━━━━━ Extracted information ━━━━━

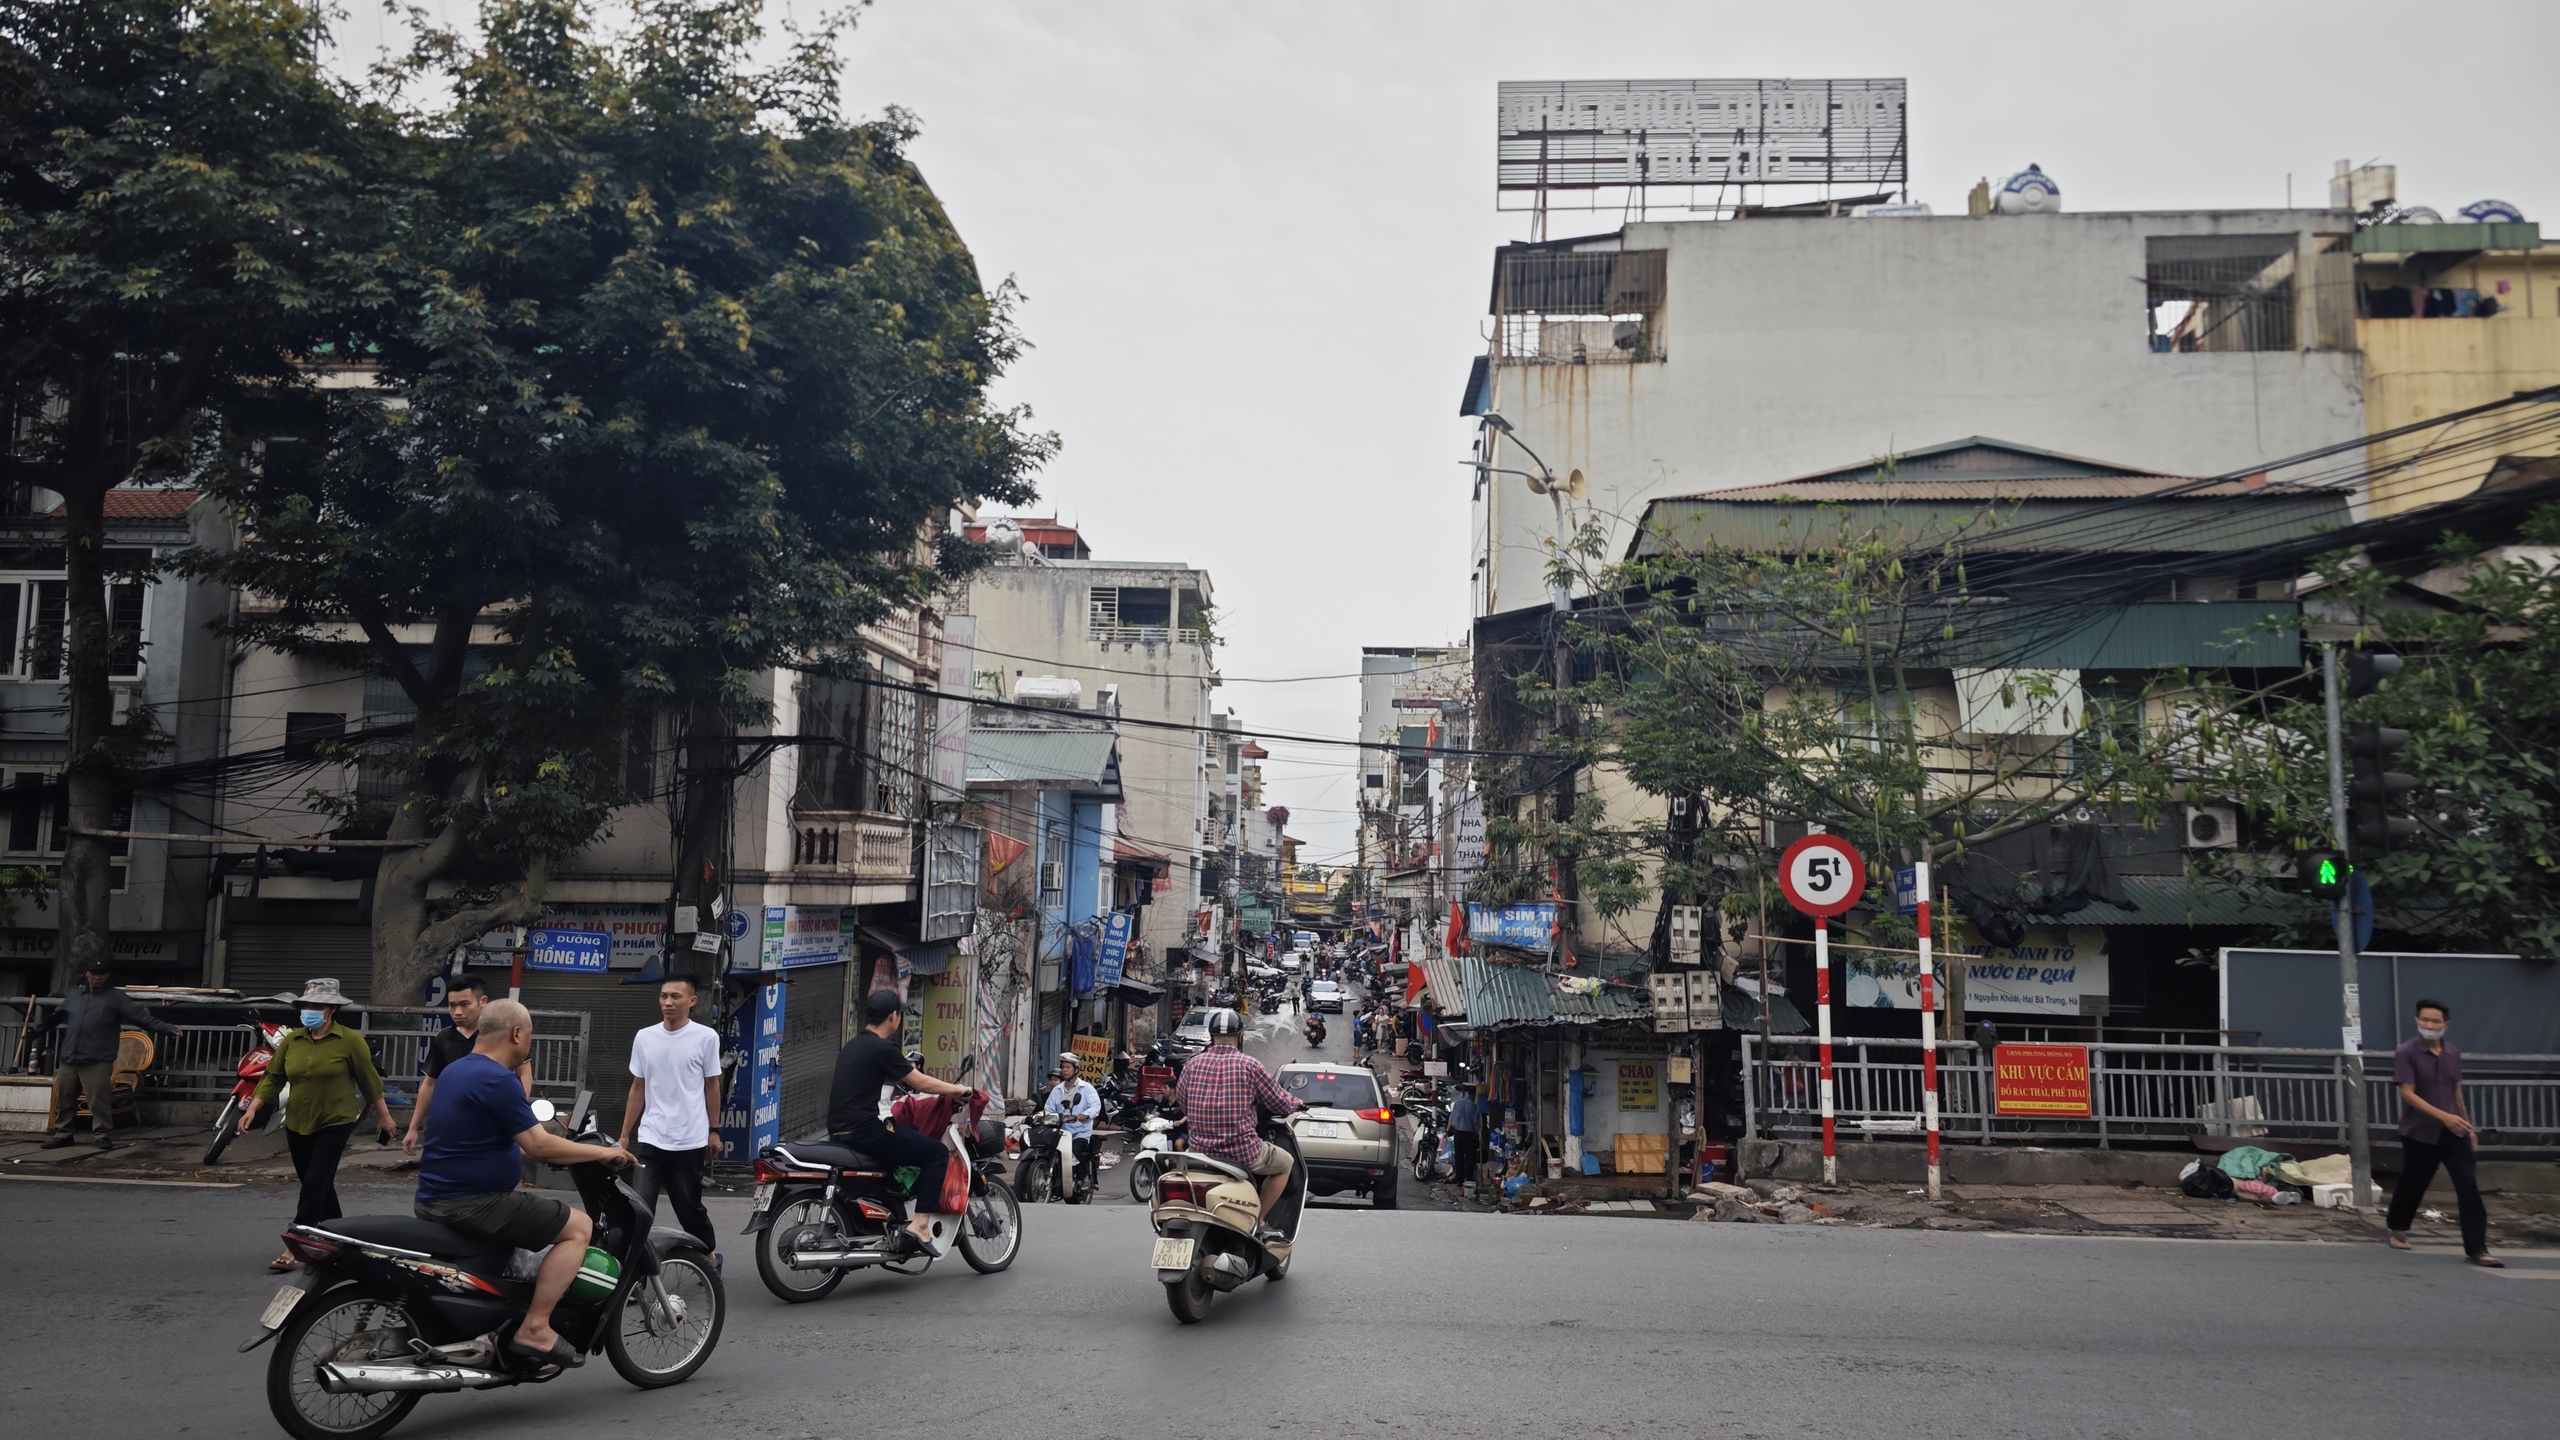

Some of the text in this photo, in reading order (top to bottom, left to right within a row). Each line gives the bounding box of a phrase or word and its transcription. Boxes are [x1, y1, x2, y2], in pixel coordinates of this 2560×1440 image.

[947, 668, 965, 687] TIM
[1461, 820, 1482, 828] NHA
[1457, 836, 1485, 844] KHOA
[798, 914, 813, 932] THUỐC
[1505, 911, 1535, 921] SIM
[8, 935, 55, 956] TRỌ
[556, 934, 601, 947] ĐƯỜNG
[700, 938, 715, 946] 200K
[1104, 937, 1126, 948] THUỐC
[533, 944, 601, 967] HỒNG HÀ
[2008, 945, 2050, 962] SINH
[2053, 943, 2077, 963] TỐ
[1968, 963, 2013, 981] NƯỚC
[2015, 963, 2039, 981] ÉP
[2034, 995, 2044, 1005] Bà
[2068, 996, 2078, 1006] Hà
[936, 1002, 964, 1020] TIM
[762, 1013, 778, 1036] NHÀ
[937, 1031, 960, 1052] GÀ
[1073, 1037, 1107, 1054] BÚN CHẢ
[1079, 1053, 1105, 1064] ÁNH
[1079, 1062, 1104, 1074] UỐN
[1619, 1061, 1655, 1078] CHÁO
[1999, 1060, 2086, 1083] KHU VỰC CẤM
[2013, 1085, 2029, 1097] RÁC
[2051, 1085, 2067, 1098] PHẾ
[2067, 1086, 2086, 1098] THẢI
[754, 1096, 778, 1128] CHUẨN
[1154, 1253, 1188, 1267] 250.44
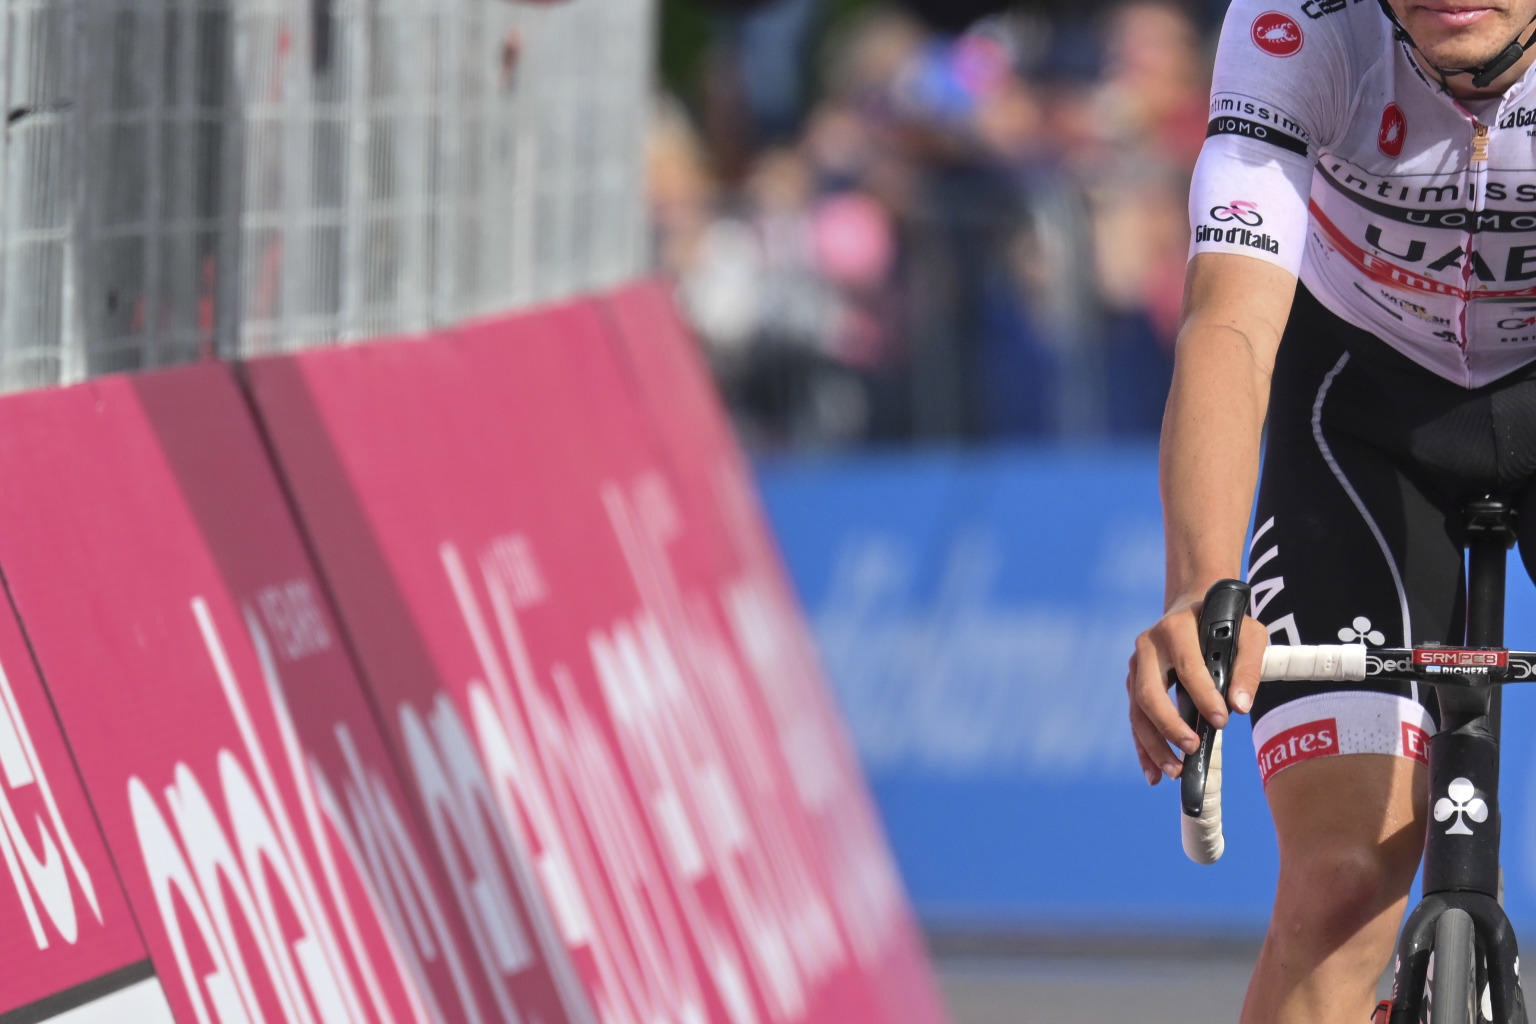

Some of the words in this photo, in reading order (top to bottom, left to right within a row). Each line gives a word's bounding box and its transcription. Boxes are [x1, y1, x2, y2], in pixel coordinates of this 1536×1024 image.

━━━━━

# [What this task involves]
Repeat the data above exactly, images excluded.

# [Solution to this task]
Some of the text in this photo, in reading order (top to bottom, left to right within a row). Each line gives the bounding box of a phrase or word and its transcription. Boxes are [x1, y1, x2, y2], in pixel coordinates of this 2560×1440 image.

[947, 668, 965, 687] TIM
[1461, 820, 1482, 828] NHA
[1457, 836, 1485, 844] KHOA
[798, 914, 813, 932] THUỐC
[1505, 911, 1535, 921] SIM
[8, 935, 55, 956] TRỌ
[556, 934, 601, 947] ĐƯỜNG
[700, 938, 715, 946] 200K
[1104, 937, 1126, 948] THUỐC
[533, 944, 601, 967] HỒNG HÀ
[2008, 945, 2050, 962] SINH
[2053, 943, 2077, 963] TỐ
[1968, 963, 2013, 981] NƯỚC
[2015, 963, 2039, 981] ÉP
[2034, 995, 2044, 1005] Bà
[2068, 996, 2078, 1006] Hà
[936, 1002, 964, 1020] TIM
[762, 1013, 778, 1036] NHÀ
[937, 1031, 960, 1052] GÀ
[1073, 1037, 1107, 1054] BÚN CHẢ
[1079, 1053, 1105, 1064] ÁNH
[1079, 1062, 1104, 1074] UỐN
[1619, 1061, 1655, 1078] CHÁO
[1999, 1060, 2086, 1083] KHU VỰC CẤM
[2013, 1085, 2029, 1097] RÁC
[2051, 1085, 2067, 1098] PHẾ
[2067, 1086, 2086, 1098] THẢI
[754, 1096, 778, 1128] CHUẨN
[1154, 1253, 1188, 1267] 250.44

Some of the words in this photo, in reading order (top to bottom, left to right within a row). Each line gives a word's bounding box and its transcription. Boxes are [x1, y1, x2, y2], in pixel coordinates of this 1536×1024 image.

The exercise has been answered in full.